Immeuble Michelin à Londres

Le concept fut démontré dans 6 usines pilotes, disséminées aux quatre coins du monde. L’expérience fut suffisamment concluante pour que la décision fût prise de généraliser l’OR à toutes les usines du groupe. Je ne sais pas où cela en est aujourd’hui, mais je vous en dirai plus la prochaine fois que j’en parlerai.

Le terreau était favorable chez Michelin, toutes les idées fondatrices de la libération de l’entreprise ayant été énoncées en son temps par François Michelin, président du Groupe (gérant était son titre exact) de 1955 à 1999 et décédé en avril 2015. Un documentaire récent produit par KTO dans la série L’entreprise à visage humain et réalisé par Marc Jeanson (société DCX) permet de vérifier ce point de vue.
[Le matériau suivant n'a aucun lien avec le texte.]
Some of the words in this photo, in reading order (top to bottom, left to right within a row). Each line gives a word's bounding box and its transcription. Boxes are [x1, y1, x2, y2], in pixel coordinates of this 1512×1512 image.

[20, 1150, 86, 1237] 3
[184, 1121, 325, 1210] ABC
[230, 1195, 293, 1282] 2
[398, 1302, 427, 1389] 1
Sous la direction de François Michelin, le groupe passe du 20e au premier rang mondial (1979). Il s’y maintient plus ou moins depuis lors, descendant parfois à la 2e place. La caractéristique principale de ce développement est l’investissement massif en Recherche et Développement, parfois plus du double de celui de ses principaux concurrents. L’histoire du groupe Michelin est donc celle de la victoire de l’innovation, ce qui suppose que la culture en ait été soigneusement entretenue.
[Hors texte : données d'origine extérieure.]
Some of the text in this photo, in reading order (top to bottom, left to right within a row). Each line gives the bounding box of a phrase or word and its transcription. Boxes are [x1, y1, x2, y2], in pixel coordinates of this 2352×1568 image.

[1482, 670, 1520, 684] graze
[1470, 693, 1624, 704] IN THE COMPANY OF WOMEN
Je vous livre tout de suite ma réponse à la question que que je m’étais posée. Partant de l’humanisme dans sa conception la plus aboutie, François Michelin amène son entreprise et ses hommes et femmes aux frontières de la libération. Il exprime en effet la plupart des idées de la libération. Il admire les hommes et les femmes de son entreprise. Il dit même qu’il en est émerveillé. Il reste que le paradigme de la libération – la suppression du fonctionnement hiérarchique – n’est pas introduit dans l’entreprise sous sa présidence et il n’en évoque même jamais l’éventualité.
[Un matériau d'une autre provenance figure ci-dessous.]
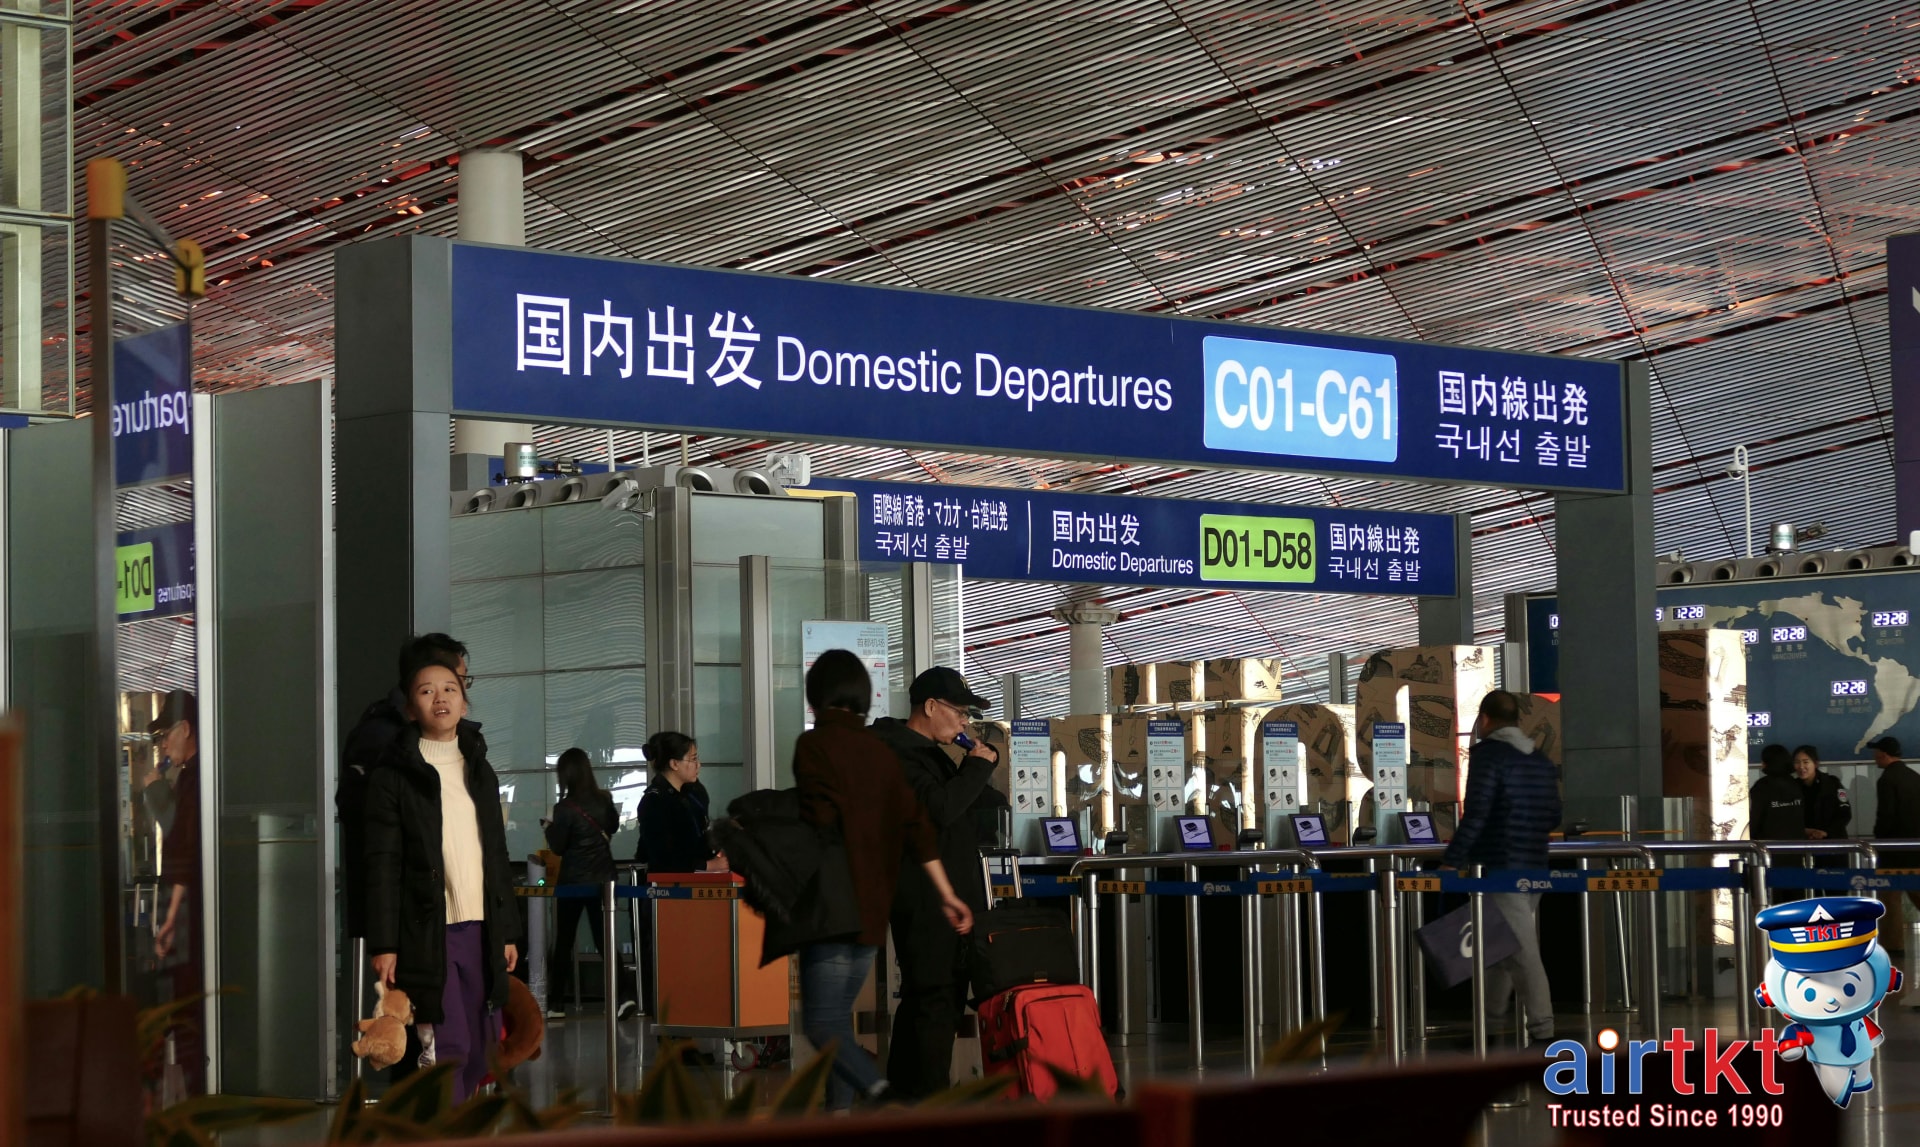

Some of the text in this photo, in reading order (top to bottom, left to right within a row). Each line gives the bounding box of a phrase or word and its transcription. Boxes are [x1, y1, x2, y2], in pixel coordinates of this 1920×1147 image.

[515, 293, 763, 390] 国内出发
[777, 335, 1174, 412] Domestic Departures
[1214, 358, 1392, 441] C01-C61
[1437, 370, 1590, 426] 国内線出発
[1434, 422, 1591, 470] 국내선 출발
[1052, 510, 1141, 546] 国内出发
[1329, 522, 1421, 555] 国内線出発
[875, 531, 970, 559] 국제선 출발
[1204, 527, 1312, 570] D01-D58
[1052, 548, 1194, 576] Domestic Departures
[1328, 557, 1421, 582] 국내선 출발
[1675, 606, 1704, 620] 1228
[1873, 612, 1907, 626] 2328
[1743, 630, 1757, 643] 28
[1772, 627, 1805, 641] 2028
[1833, 681, 1866, 695] 0228
[1746, 713, 1769, 726] 528
[1532, 880, 1552, 889] BCIA
[1597, 879, 1650, 890] 应急专用
[1868, 878, 1891, 887] BCIA
Il libère l’initiative de ses collaborateurs directs et des collaborateurs de ceux-ci. Il admire les responsables d’ateliers lorsque ceux-ci libèrent l’initiative de leurs propres collaborateurs. Il stimule l’enthousiasme de beaucoup par son charisme, son respect, son amour de la technique. Enfin, il existe un point commun entre son entreprise et l’entreprise libérée : si une décision complexe se présente, c’est l’avis du client qui est sollicité pour la prendre.

Aujourd’hui, pour se maintenir et lutter contre la concurrence des productions à bas salaire, l’entreprise doit aller plus loin. C’est ce qu’entreprend Jean-Dominique Sénart avec la libération des usines. C’est ainsi qu’il pourra réussir à maintenir l’emploi là où il se trouve à l’heure actuelle. Je n’ai pas entendu dire que la hiérarchie au-dessus et autour des usines soit concernée par l’OR. Après tout, ce n’est peut-être pas le sujet.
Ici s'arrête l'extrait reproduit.